In the above mentioned algorithm, there are two factors which we can control in order to obtain optimal clustering
- Selection of the initial centroids
- The convergence criteria
Controlling Factors
Selection of the initial centroids
- Forgy Initialization — chooses any K points from the data at random as the initial centroids
- Random Partition Method — First, randomly assign each point in the data to a random cluster ID. Then, group the points by their cluster ID and take the average (per cluster ID) to yield the initial centroids
- K means ++ — First, choose a random point from the data.

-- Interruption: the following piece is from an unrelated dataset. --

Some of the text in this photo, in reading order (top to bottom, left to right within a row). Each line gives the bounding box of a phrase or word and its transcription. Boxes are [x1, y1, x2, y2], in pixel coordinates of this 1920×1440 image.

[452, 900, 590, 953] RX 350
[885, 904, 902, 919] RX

Then, choose the next point such that is more probable to lie at a large distance from the first point. We do so by sampling a point from a probability distribution that is proportional to the squared distance of a point from the first center. And, so on.

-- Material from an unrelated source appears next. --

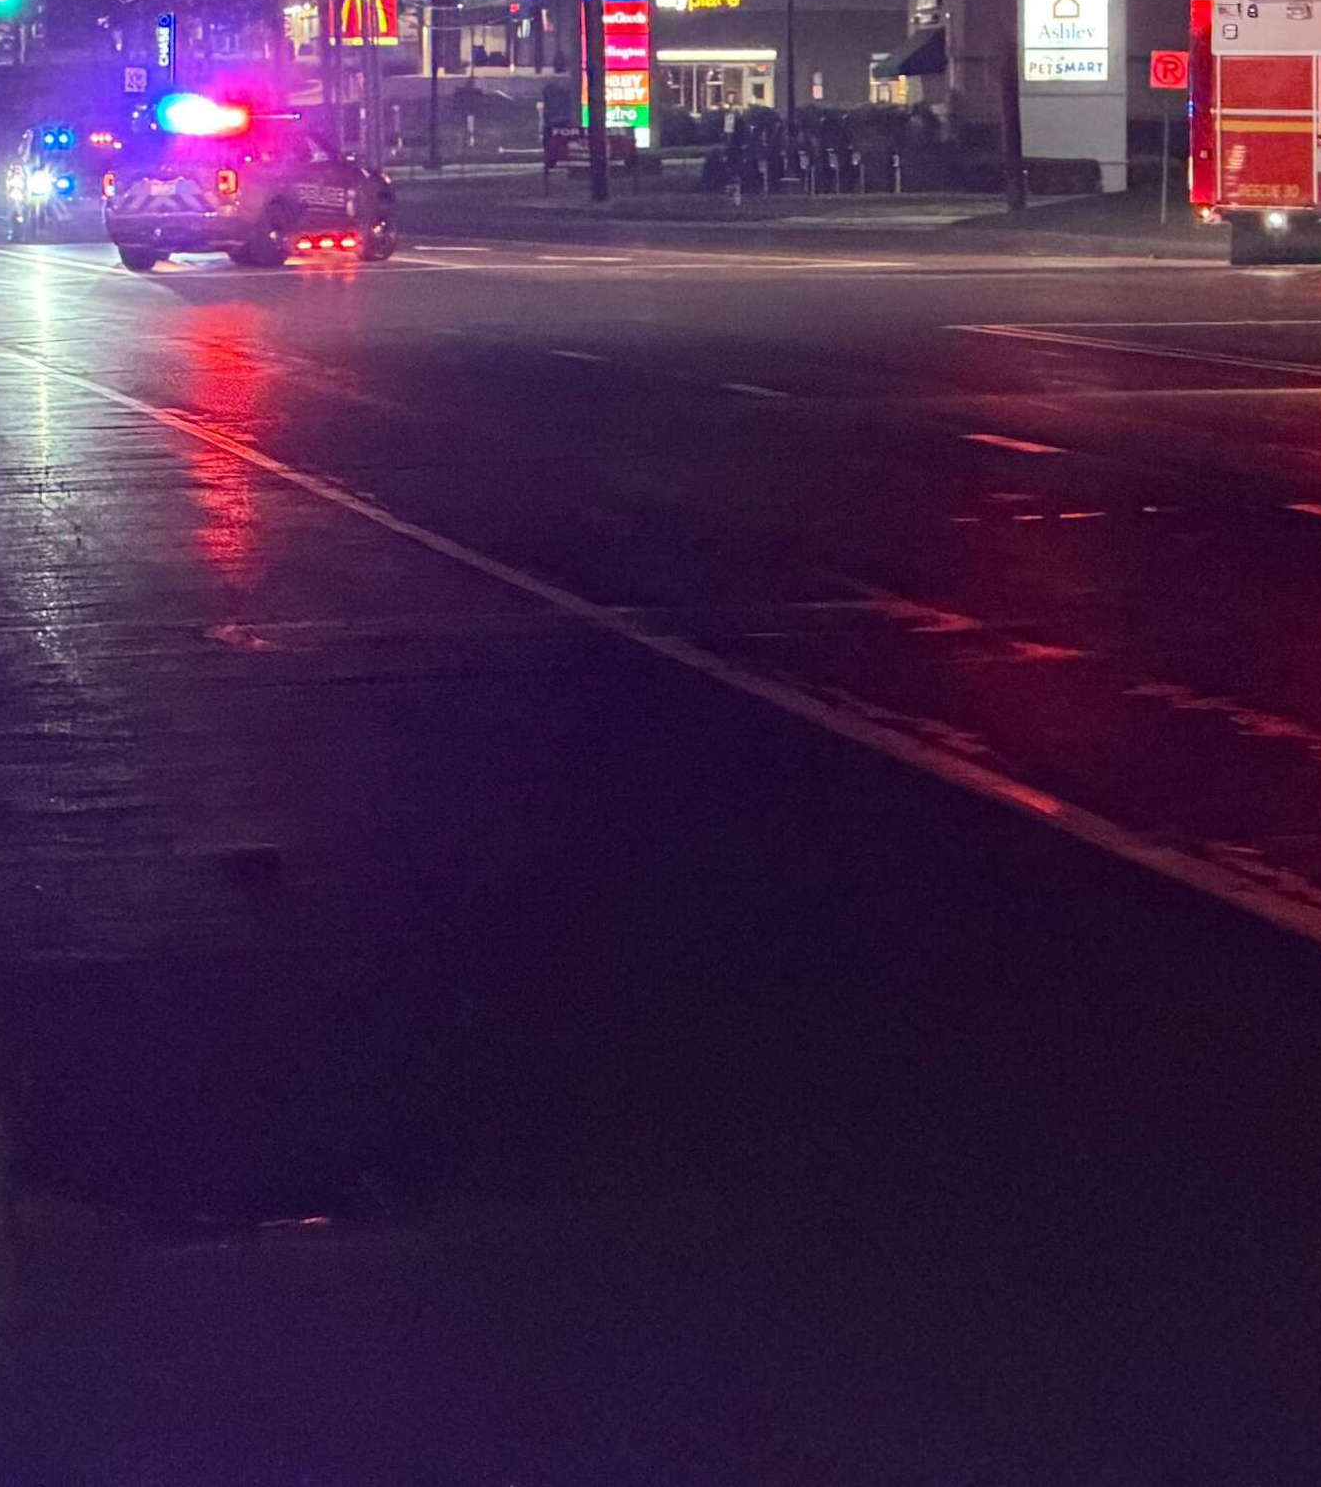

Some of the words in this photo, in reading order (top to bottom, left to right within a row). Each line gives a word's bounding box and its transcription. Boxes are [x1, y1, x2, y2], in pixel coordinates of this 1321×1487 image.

[1038, 21, 1095, 41] Ashley
[157, 26, 170, 67] CHASE
[1029, 62, 1103, 74] PETSMART

- Naive Sharding — First, calculate composite summation value of all the data points. Then, using the value sort the data points and horizontally split into K pieces, or shards. Finally, the data points of each shard are independently summed and their mean is computed. This set of mean is used as initial centroids.
The Convergence Criteria
Determines when iteration is exited. It represents a proportion of the minimum distance between initial cluster centers, so it must be greater than 0 but not greater than 1.
Determining the value of K
- ELBOW CURVE Method
One of the ways to determine the right number of clusters, K is by using the Elbow Curve method. The idea is to run the k-means clustering algorithm on the data points for a range of values of k (say, k from 1 to 10), and for each value of k calculate the sum of squared errors of all the data points to the centroid. This sum value is plotted against k.
There will be a sudden fall in the graph looking similar to human elbow
2. Silhouette analysis
In Silhouette analysis, we run the k-means clustering algorithm on the data points for a range of values of k (say, k from 1 to 10), and for each value of k we compute the mean of Silhouette coefficient of all the data points. The Silhouette Coefficient is calculated using
- Intra-cluster distance of point i, a(i) — average distance between i and all the other data points in the cluster to which i belongs
- Inter-cluster distance of point i, b(i) — average distance between i and all the other data points in the cluster to which i doesn’t belongs
The Silhouette Coefficient for a data point S(i) is
The mean value Silhouette coefficient is plotted against k.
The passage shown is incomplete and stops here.